___ Task data

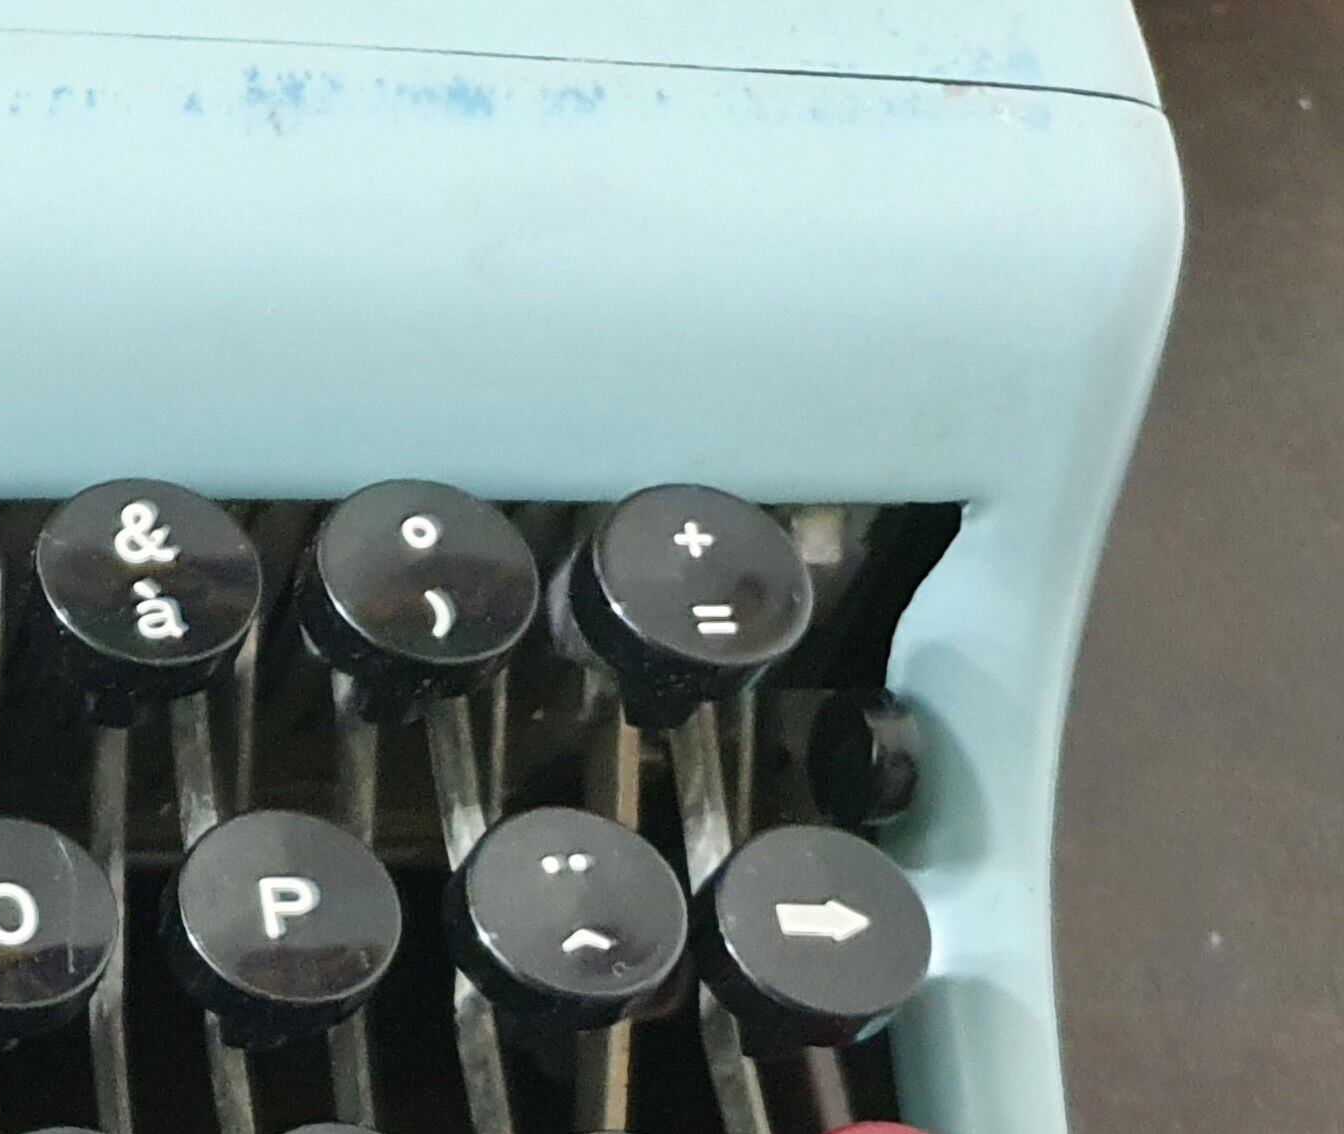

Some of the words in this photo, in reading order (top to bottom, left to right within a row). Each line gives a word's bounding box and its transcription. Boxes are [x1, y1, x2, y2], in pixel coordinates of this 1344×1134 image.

[113, 501, 178, 565] &
[673, 521, 714, 558] +
[132, 580, 188, 640] à
[424, 589, 452, 638] )
[692, 605, 738, 635] =
[258, 877, 319, 939] P
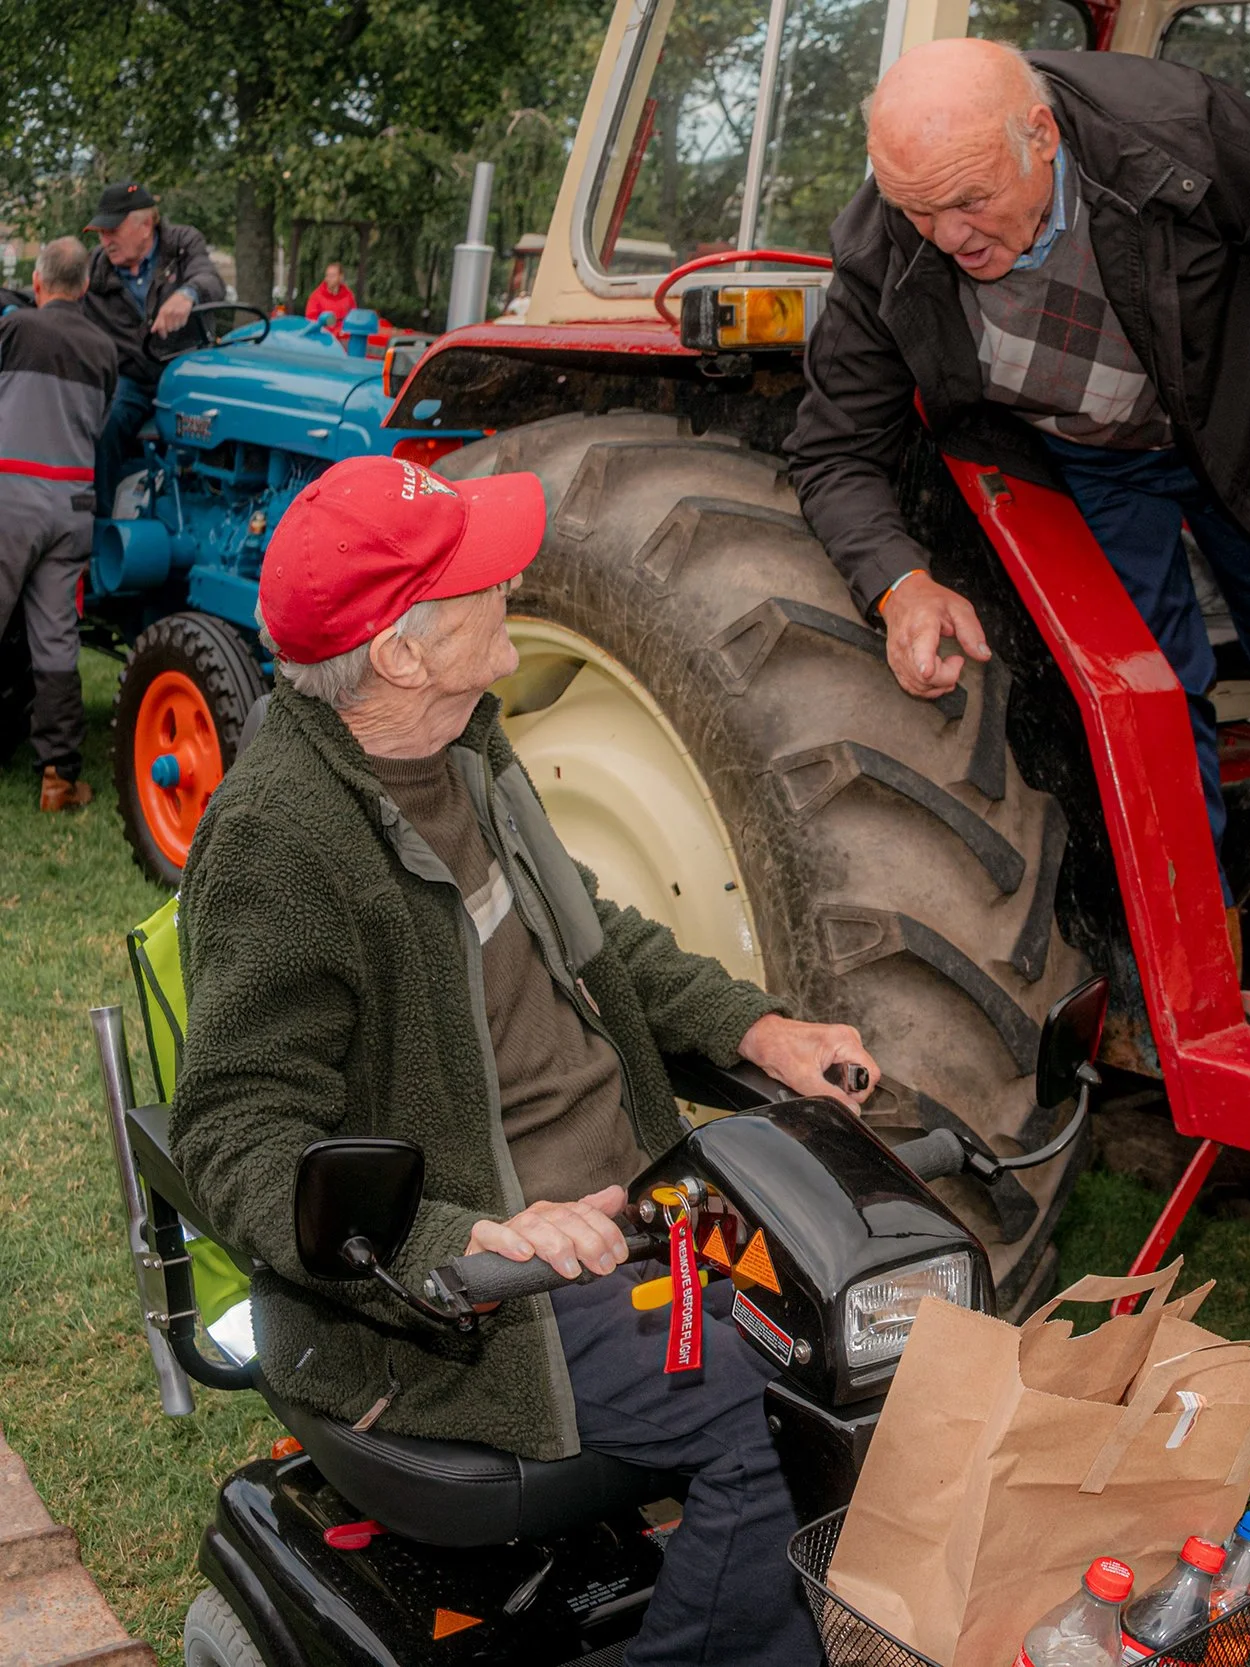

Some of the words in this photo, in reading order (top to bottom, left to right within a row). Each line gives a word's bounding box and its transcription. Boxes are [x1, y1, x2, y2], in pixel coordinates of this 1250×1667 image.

[678, 1239, 692, 1288] REMOVE
[681, 1288, 694, 1332] BEFORE
[678, 1331, 692, 1365] FLIGHT
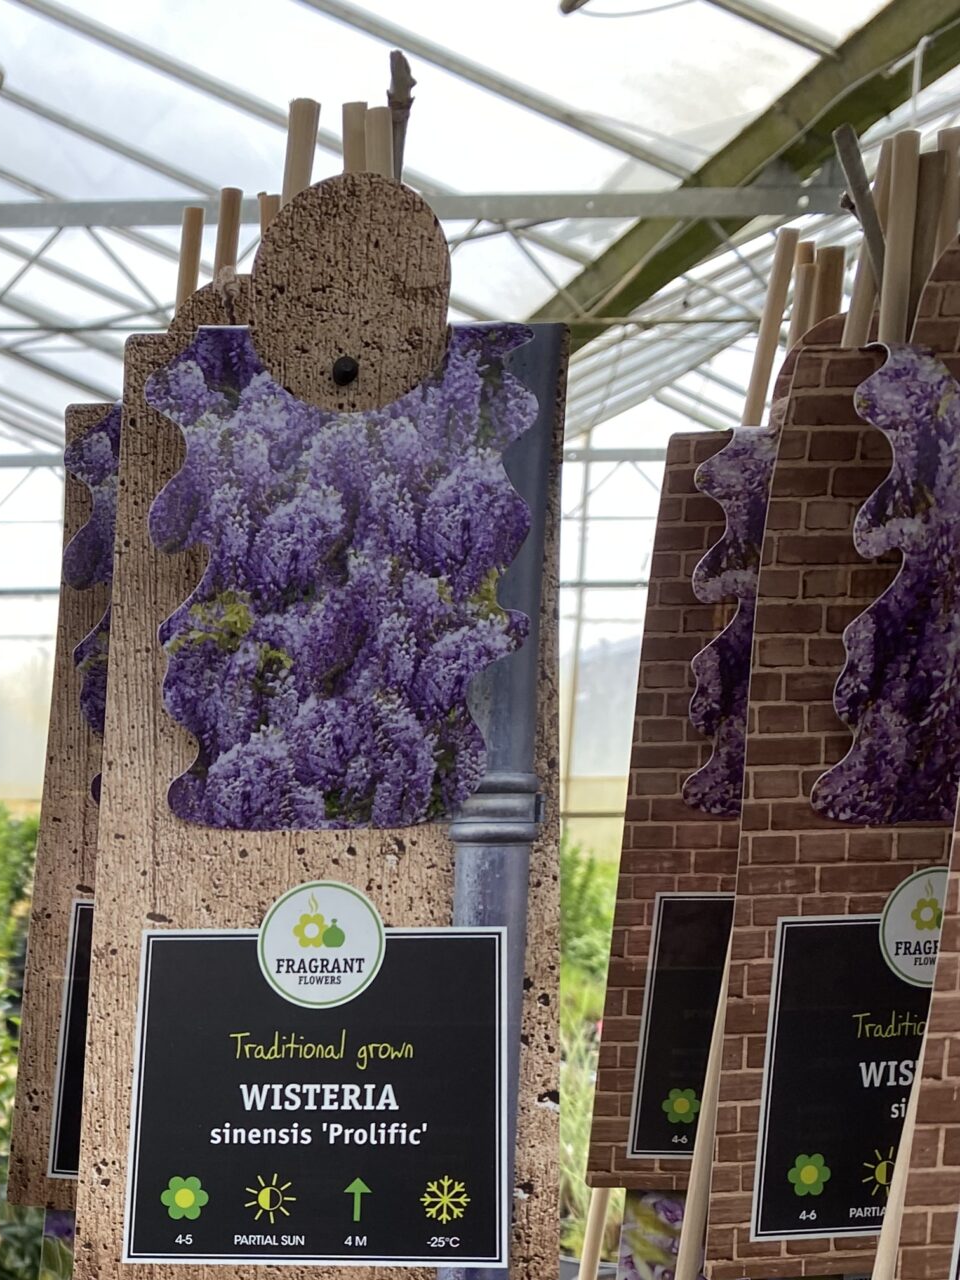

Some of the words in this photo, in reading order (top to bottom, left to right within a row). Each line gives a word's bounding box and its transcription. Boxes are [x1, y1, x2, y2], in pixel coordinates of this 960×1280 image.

[275, 957, 365, 974] FRAGRANT
[298, 975, 342, 986] FLOWERS
[229, 1028, 346, 1060] Traditional
[356, 1042, 414, 1070] grown
[858, 1059, 920, 1088] WIS
[239, 1083, 400, 1111] WISTERIA
[210, 1122, 312, 1145] sinensis
[322, 1122, 428, 1146] 'Prolific'
[671, 1134, 689, 1144] 4-6
[798, 1209, 817, 1221] 4-6
[174, 1233, 193, 1245] 4-5
[233, 1234, 279, 1246] PARTIAL
[280, 1234, 305, 1246] SUN
[343, 1235, 352, 1246] 4
[354, 1235, 367, 1247] M

______

Output every entry exactly, leaving out pictures.

**Output for this exercise**
Some of the words in this photo, in reading order (top to bottom, left to right within a row). Each line gives a word's bounding box and its transcription. Boxes are [x1, y1, x2, y2], in pixel coordinates of this 1344×1134 image.

[113, 501, 178, 565] &
[673, 521, 714, 558] +
[132, 580, 188, 640] à
[424, 589, 452, 638] )
[692, 605, 738, 635] =
[258, 877, 319, 939] P

Some of the words in this photo, in reading order (top to bottom, left to right within a row). Each line gives a word's bounding box and its transcription. Boxes are [x1, y1, x2, y2], in pixel coordinates of this 1250×1667 image.

[678, 1239, 692, 1288] REMOVE
[681, 1288, 694, 1332] BEFORE
[678, 1331, 692, 1365] FLIGHT

Some of the words in this photo, in reading order (top to bottom, left to right within a row). Each line gives a word's bounding box and its transcription. Boxes are [x1, y1, x2, y2], in pixel coordinates of this 960×1280 image.

[275, 957, 365, 974] FRAGRANT
[298, 975, 342, 986] FLOWERS
[229, 1028, 346, 1060] Traditional
[356, 1042, 414, 1070] grown
[858, 1059, 920, 1088] WIS
[239, 1083, 400, 1111] WISTERIA
[210, 1122, 312, 1145] sinensis
[322, 1122, 428, 1146] 'Prolific'
[671, 1134, 689, 1144] 4-6
[798, 1209, 817, 1221] 4-6
[174, 1233, 193, 1245] 4-5
[233, 1234, 279, 1246] PARTIAL
[280, 1234, 305, 1246] SUN
[343, 1235, 352, 1246] 4
[354, 1235, 367, 1247] M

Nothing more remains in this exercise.